*** Begin section ***

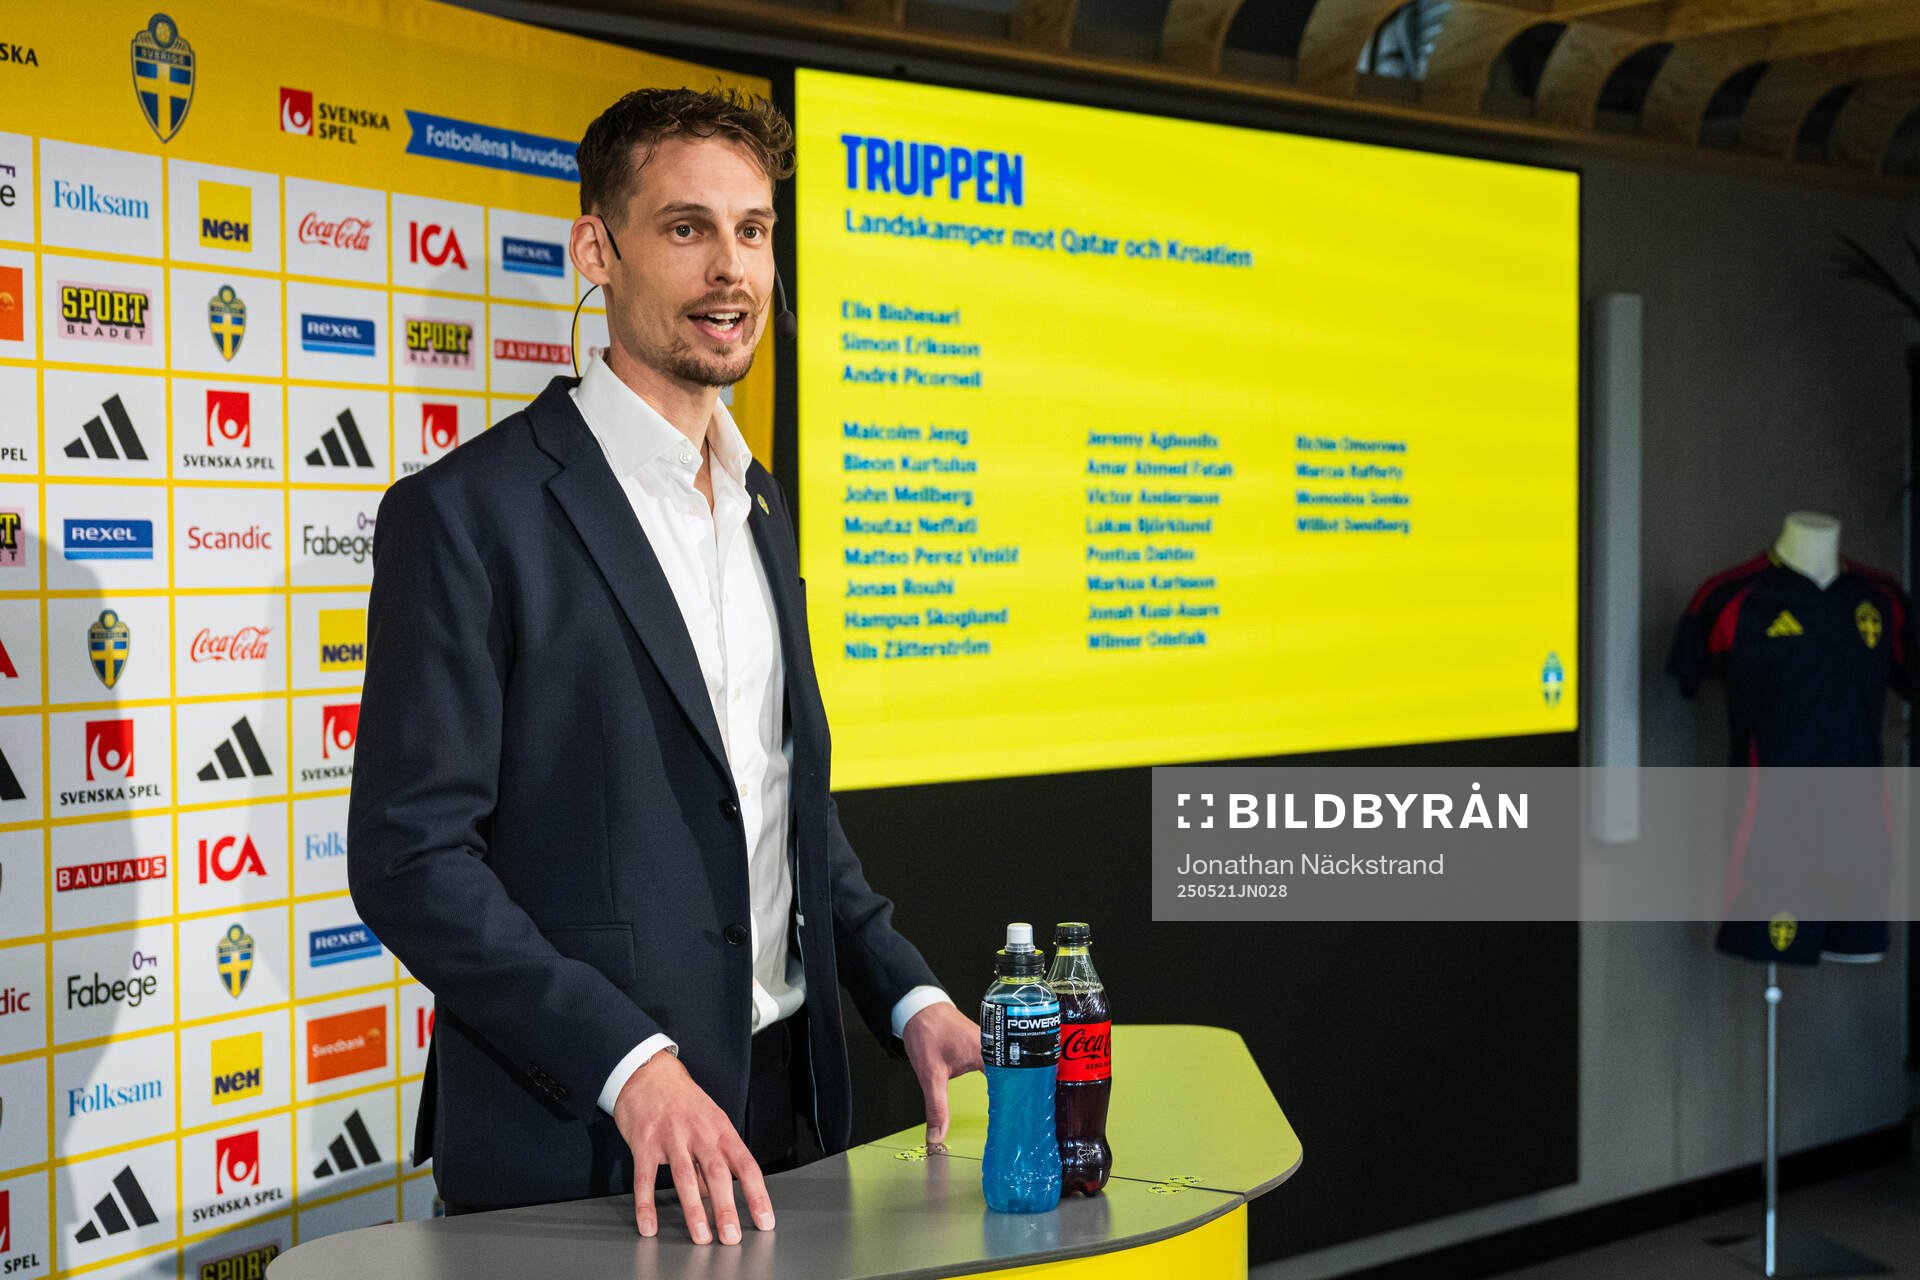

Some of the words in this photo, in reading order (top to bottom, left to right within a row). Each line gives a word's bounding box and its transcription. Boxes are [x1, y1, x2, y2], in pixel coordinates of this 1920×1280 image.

[318, 103, 390, 131] SVENSKA
[318, 122, 357, 144] SPEL
[426, 125, 508, 160] Fotbollens
[841, 134, 1023, 206] TRUPPEN
[53, 180, 149, 219] Folksam
[410, 222, 468, 270] ICA
[846, 208, 1005, 248] Landskamper
[1012, 230, 1055, 250] mot
[1061, 228, 1119, 255] Qatar
[1125, 239, 1162, 259] och
[1167, 241, 1252, 267] Kroatien
[62, 286, 149, 328] SPORT
[67, 324, 145, 340] BLADET
[406, 320, 472, 355] SPORT
[842, 333, 900, 352] Simon
[495, 340, 571, 363] BAUHAUS
[0, 447, 28, 461] PEL
[183, 454, 242, 468] SVENSKA
[246, 457, 275, 470] SPEL
[845, 486, 888, 503] John
[188, 526, 272, 550] Scandic
[60, 787, 125, 806] SVENSKA
[129, 784, 161, 798] SPEL
[198, 834, 267, 884] ICA
[305, 832, 346, 860] Folk
[57, 856, 166, 891] BAUHAUS
[67, 974, 157, 1009] Fabege
[1008, 1015, 1060, 1029] POWERA
[312, 1036, 365, 1057] Swedbank
[67, 1079, 163, 1117] Folksam
[192, 1199, 251, 1223] SVENSKA
[254, 1188, 283, 1205] SPEL
[4, 1253, 40, 1274] SPEL

*** End section ***

Instructions for the task » Repeat the data above in full and exactly. Omit every image.

Task result »
Some of the words in this photo, in reading order (top to bottom, left to right within a row). Each line gives a word's bounding box and its transcription. Boxes are [x1, y1, x2, y2], in pixel coordinates of this 1920×1280 image.

[318, 103, 390, 131] SVENSKA
[318, 122, 357, 144] SPEL
[426, 125, 508, 160] Fotbollens
[841, 134, 1023, 206] TRUPPEN
[53, 180, 149, 219] Folksam
[410, 222, 468, 270] ICA
[846, 208, 1005, 248] Landskamper
[1012, 230, 1055, 250] mot
[1061, 228, 1119, 255] Qatar
[1125, 239, 1162, 259] och
[1167, 241, 1252, 267] Kroatien
[62, 286, 149, 328] SPORT
[67, 324, 145, 340] BLADET
[406, 320, 472, 355] SPORT
[842, 333, 900, 352] Simon
[495, 340, 571, 363] BAUHAUS
[0, 447, 28, 461] PEL
[183, 454, 242, 468] SVENSKA
[246, 457, 275, 470] SPEL
[845, 486, 888, 503] John
[188, 526, 272, 550] Scandic
[60, 787, 125, 806] SVENSKA
[129, 784, 161, 798] SPEL
[198, 834, 267, 884] ICA
[305, 832, 346, 860] Folk
[57, 856, 166, 891] BAUHAUS
[67, 974, 157, 1009] Fabege
[1008, 1015, 1060, 1029] POWERA
[312, 1036, 365, 1057] Swedbank
[67, 1079, 163, 1117] Folksam
[192, 1199, 251, 1223] SVENSKA
[254, 1188, 283, 1205] SPEL
[4, 1253, 40, 1274] SPEL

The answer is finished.